Send back every line of the data exactly.

*** Provided records Section Begins ***

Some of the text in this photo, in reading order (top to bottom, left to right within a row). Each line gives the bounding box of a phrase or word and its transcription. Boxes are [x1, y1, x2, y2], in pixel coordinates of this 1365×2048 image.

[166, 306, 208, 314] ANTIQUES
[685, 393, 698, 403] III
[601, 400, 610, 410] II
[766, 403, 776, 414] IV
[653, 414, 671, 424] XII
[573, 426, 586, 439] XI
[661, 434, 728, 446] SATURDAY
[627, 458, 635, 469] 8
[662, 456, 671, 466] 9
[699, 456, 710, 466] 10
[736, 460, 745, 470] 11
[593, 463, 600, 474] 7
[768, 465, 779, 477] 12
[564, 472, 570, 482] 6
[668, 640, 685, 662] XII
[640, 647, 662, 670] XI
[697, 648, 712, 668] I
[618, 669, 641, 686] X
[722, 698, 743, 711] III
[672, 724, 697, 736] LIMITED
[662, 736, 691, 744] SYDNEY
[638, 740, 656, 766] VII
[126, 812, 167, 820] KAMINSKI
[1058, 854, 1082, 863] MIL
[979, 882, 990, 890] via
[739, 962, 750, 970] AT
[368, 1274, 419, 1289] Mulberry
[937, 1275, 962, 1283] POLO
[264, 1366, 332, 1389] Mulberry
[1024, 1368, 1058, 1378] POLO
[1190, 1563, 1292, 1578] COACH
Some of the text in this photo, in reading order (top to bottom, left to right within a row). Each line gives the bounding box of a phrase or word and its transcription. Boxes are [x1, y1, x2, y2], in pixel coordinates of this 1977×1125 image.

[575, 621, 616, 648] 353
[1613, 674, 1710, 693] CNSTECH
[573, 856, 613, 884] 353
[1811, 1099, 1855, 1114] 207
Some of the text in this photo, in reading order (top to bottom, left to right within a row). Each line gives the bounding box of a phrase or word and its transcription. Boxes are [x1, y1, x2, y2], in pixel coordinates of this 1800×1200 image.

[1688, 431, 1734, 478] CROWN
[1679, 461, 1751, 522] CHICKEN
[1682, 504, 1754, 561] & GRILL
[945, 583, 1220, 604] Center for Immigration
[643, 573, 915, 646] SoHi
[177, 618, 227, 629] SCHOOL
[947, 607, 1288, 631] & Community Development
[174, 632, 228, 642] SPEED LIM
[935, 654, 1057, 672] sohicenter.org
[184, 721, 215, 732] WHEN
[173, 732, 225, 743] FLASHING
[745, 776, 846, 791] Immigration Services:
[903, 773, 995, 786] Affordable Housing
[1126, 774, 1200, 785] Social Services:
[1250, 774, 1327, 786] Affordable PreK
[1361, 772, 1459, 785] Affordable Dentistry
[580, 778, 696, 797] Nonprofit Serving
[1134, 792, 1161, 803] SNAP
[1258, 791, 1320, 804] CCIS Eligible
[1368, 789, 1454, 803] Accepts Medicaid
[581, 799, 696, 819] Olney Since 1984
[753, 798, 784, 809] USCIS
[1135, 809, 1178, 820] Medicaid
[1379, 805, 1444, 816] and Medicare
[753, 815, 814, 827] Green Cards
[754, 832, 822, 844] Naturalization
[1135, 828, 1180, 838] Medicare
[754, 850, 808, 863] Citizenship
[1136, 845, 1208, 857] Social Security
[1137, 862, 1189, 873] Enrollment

*** Provided records Section Ends ***

■ Exercise response ■
Some of the text in this photo, in reading order (top to bottom, left to right within a row). Each line gives the bounding box of a phrase or word and its transcription. Boxes are [x1, y1, x2, y2], in pixel coordinates of this 1365×2048 image.

[166, 306, 208, 314] ANTIQUES
[685, 393, 698, 403] III
[601, 400, 610, 410] II
[766, 403, 776, 414] IV
[653, 414, 671, 424] XII
[573, 426, 586, 439] XI
[661, 434, 728, 446] SATURDAY
[627, 458, 635, 469] 8
[662, 456, 671, 466] 9
[699, 456, 710, 466] 10
[736, 460, 745, 470] 11
[593, 463, 600, 474] 7
[768, 465, 779, 477] 12
[564, 472, 570, 482] 6
[668, 640, 685, 662] XII
[640, 647, 662, 670] XI
[697, 648, 712, 668] I
[618, 669, 641, 686] X
[722, 698, 743, 711] III
[672, 724, 697, 736] LIMITED
[662, 736, 691, 744] SYDNEY
[638, 740, 656, 766] VII
[126, 812, 167, 820] KAMINSKI
[1058, 854, 1082, 863] MIL
[979, 882, 990, 890] via
[739, 962, 750, 970] AT
[368, 1274, 419, 1289] Mulberry
[937, 1275, 962, 1283] POLO
[264, 1366, 332, 1389] Mulberry
[1024, 1368, 1058, 1378] POLO
[1190, 1563, 1292, 1578] COACH
Some of the text in this photo, in reading order (top to bottom, left to right within a row). Each line gives the bounding box of a phrase or word and its transcription. Boxes are [x1, y1, x2, y2], in pixel coordinates of this 1977×1125 image.

[575, 621, 616, 648] 353
[1613, 674, 1710, 693] CNSTECH
[573, 856, 613, 884] 353
[1811, 1099, 1855, 1114] 207
Some of the text in this photo, in reading order (top to bottom, left to right within a row). Each line gives the bounding box of a phrase or word and its transcription. Boxes are [x1, y1, x2, y2], in pixel coordinates of this 1800×1200 image.

[1688, 431, 1734, 478] CROWN
[1679, 461, 1751, 522] CHICKEN
[1682, 504, 1754, 561] & GRILL
[945, 583, 1220, 604] Center for Immigration
[643, 573, 915, 646] SoHi
[177, 618, 227, 629] SCHOOL
[947, 607, 1288, 631] & Community Development
[174, 632, 228, 642] SPEED LIM
[935, 654, 1057, 672] sohicenter.org
[184, 721, 215, 732] WHEN
[173, 732, 225, 743] FLASHING
[745, 776, 846, 791] Immigration Services:
[903, 773, 995, 786] Affordable Housing
[1126, 774, 1200, 785] Social Services:
[1250, 774, 1327, 786] Affordable PreK
[1361, 772, 1459, 785] Affordable Dentistry
[580, 778, 696, 797] Nonprofit Serving
[1134, 792, 1161, 803] SNAP
[1258, 791, 1320, 804] CCIS Eligible
[1368, 789, 1454, 803] Accepts Medicaid
[581, 799, 696, 819] Olney Since 1984
[753, 798, 784, 809] USCIS
[1135, 809, 1178, 820] Medicaid
[1379, 805, 1444, 816] and Medicare
[753, 815, 814, 827] Green Cards
[754, 832, 822, 844] Naturalization
[1135, 828, 1180, 838] Medicare
[754, 850, 808, 863] Citizenship
[1136, 845, 1208, 857] Social Security
[1137, 862, 1189, 873] Enrollment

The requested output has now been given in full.